▶ **Input records**:
============================================================

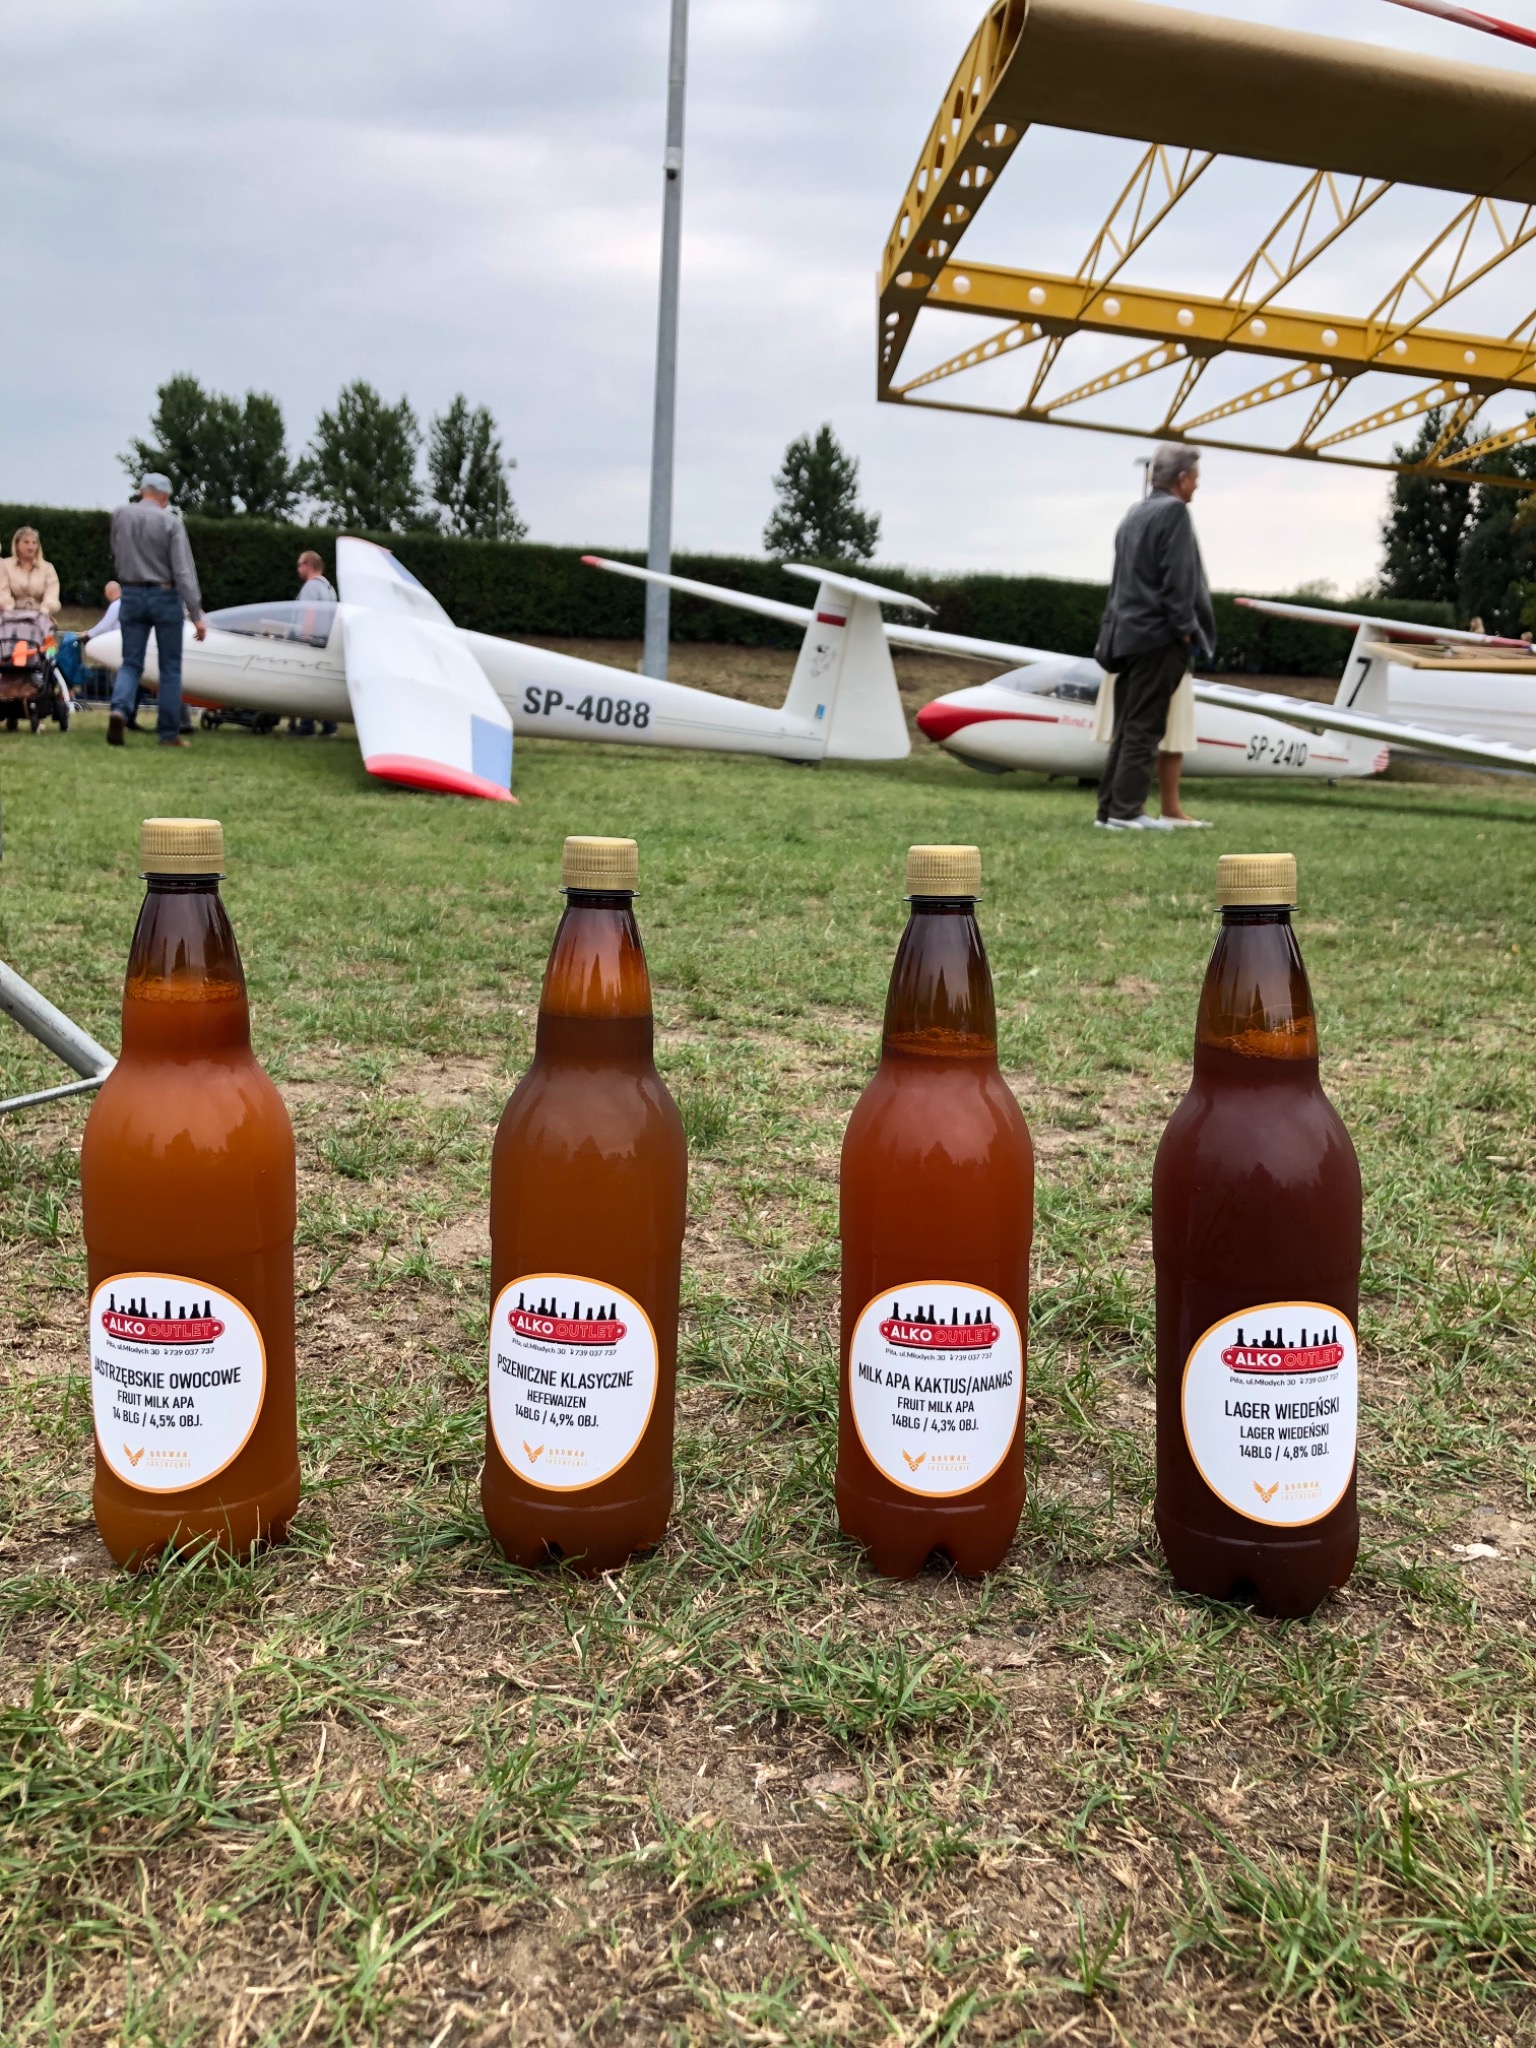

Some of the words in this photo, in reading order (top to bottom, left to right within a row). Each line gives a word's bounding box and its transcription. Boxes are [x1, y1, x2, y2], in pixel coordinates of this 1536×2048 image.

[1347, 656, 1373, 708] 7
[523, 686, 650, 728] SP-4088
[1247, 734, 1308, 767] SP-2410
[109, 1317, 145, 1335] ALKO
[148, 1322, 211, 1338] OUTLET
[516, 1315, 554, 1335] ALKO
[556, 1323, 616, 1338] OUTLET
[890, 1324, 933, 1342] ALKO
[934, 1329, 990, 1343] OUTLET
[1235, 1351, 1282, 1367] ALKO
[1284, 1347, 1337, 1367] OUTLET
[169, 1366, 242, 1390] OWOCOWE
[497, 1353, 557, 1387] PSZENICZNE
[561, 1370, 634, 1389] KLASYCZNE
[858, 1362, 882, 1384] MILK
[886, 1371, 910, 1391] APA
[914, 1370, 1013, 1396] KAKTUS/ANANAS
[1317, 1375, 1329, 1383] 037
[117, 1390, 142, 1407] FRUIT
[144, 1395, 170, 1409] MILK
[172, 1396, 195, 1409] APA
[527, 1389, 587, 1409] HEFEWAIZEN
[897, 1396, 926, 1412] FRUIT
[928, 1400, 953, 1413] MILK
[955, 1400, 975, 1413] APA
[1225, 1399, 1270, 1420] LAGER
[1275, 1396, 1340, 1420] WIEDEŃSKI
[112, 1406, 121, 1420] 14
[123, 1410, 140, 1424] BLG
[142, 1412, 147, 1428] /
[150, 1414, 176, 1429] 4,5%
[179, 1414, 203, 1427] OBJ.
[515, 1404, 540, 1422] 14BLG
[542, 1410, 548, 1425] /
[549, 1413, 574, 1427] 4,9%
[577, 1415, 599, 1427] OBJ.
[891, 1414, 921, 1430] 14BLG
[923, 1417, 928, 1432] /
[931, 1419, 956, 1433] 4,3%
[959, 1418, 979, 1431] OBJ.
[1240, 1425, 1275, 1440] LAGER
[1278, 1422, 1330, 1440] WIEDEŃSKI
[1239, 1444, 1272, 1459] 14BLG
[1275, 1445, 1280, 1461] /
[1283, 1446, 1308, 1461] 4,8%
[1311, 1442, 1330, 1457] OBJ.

============================================================

▶ **Your objective**: For the data above, return an exact copy that contains no pictures.

▶ **Finished task**:
Some of the words in this photo, in reading order (top to bottom, left to right within a row). Each line gives a word's bounding box and its transcription. Boxes are [x1, y1, x2, y2], in pixel coordinates of this 1536×2048 image.

[1347, 656, 1373, 708] 7
[523, 686, 650, 728] SP-4088
[1247, 734, 1308, 767] SP-2410
[109, 1317, 145, 1335] ALKO
[148, 1322, 211, 1338] OUTLET
[516, 1315, 554, 1335] ALKO
[556, 1323, 616, 1338] OUTLET
[890, 1324, 933, 1342] ALKO
[934, 1329, 990, 1343] OUTLET
[1235, 1351, 1282, 1367] ALKO
[1284, 1347, 1337, 1367] OUTLET
[169, 1366, 242, 1390] OWOCOWE
[497, 1353, 557, 1387] PSZENICZNE
[561, 1370, 634, 1389] KLASYCZNE
[858, 1362, 882, 1384] MILK
[886, 1371, 910, 1391] APA
[914, 1370, 1013, 1396] KAKTUS/ANANAS
[1317, 1375, 1329, 1383] 037
[117, 1390, 142, 1407] FRUIT
[144, 1395, 170, 1409] MILK
[172, 1396, 195, 1409] APA
[527, 1389, 587, 1409] HEFEWAIZEN
[897, 1396, 926, 1412] FRUIT
[928, 1400, 953, 1413] MILK
[955, 1400, 975, 1413] APA
[1225, 1399, 1270, 1420] LAGER
[1275, 1396, 1340, 1420] WIEDEŃSKI
[112, 1406, 121, 1420] 14
[123, 1410, 140, 1424] BLG
[142, 1412, 147, 1428] /
[150, 1414, 176, 1429] 4,5%
[179, 1414, 203, 1427] OBJ.
[515, 1404, 540, 1422] 14BLG
[542, 1410, 548, 1425] /
[549, 1413, 574, 1427] 4,9%
[577, 1415, 599, 1427] OBJ.
[891, 1414, 921, 1430] 14BLG
[923, 1417, 928, 1432] /
[931, 1419, 956, 1433] 4,3%
[959, 1418, 979, 1431] OBJ.
[1240, 1425, 1275, 1440] LAGER
[1278, 1422, 1330, 1440] WIEDEŃSKI
[1239, 1444, 1272, 1459] 14BLG
[1275, 1445, 1280, 1461] /
[1283, 1446, 1308, 1461] 4,8%
[1311, 1442, 1330, 1457] OBJ.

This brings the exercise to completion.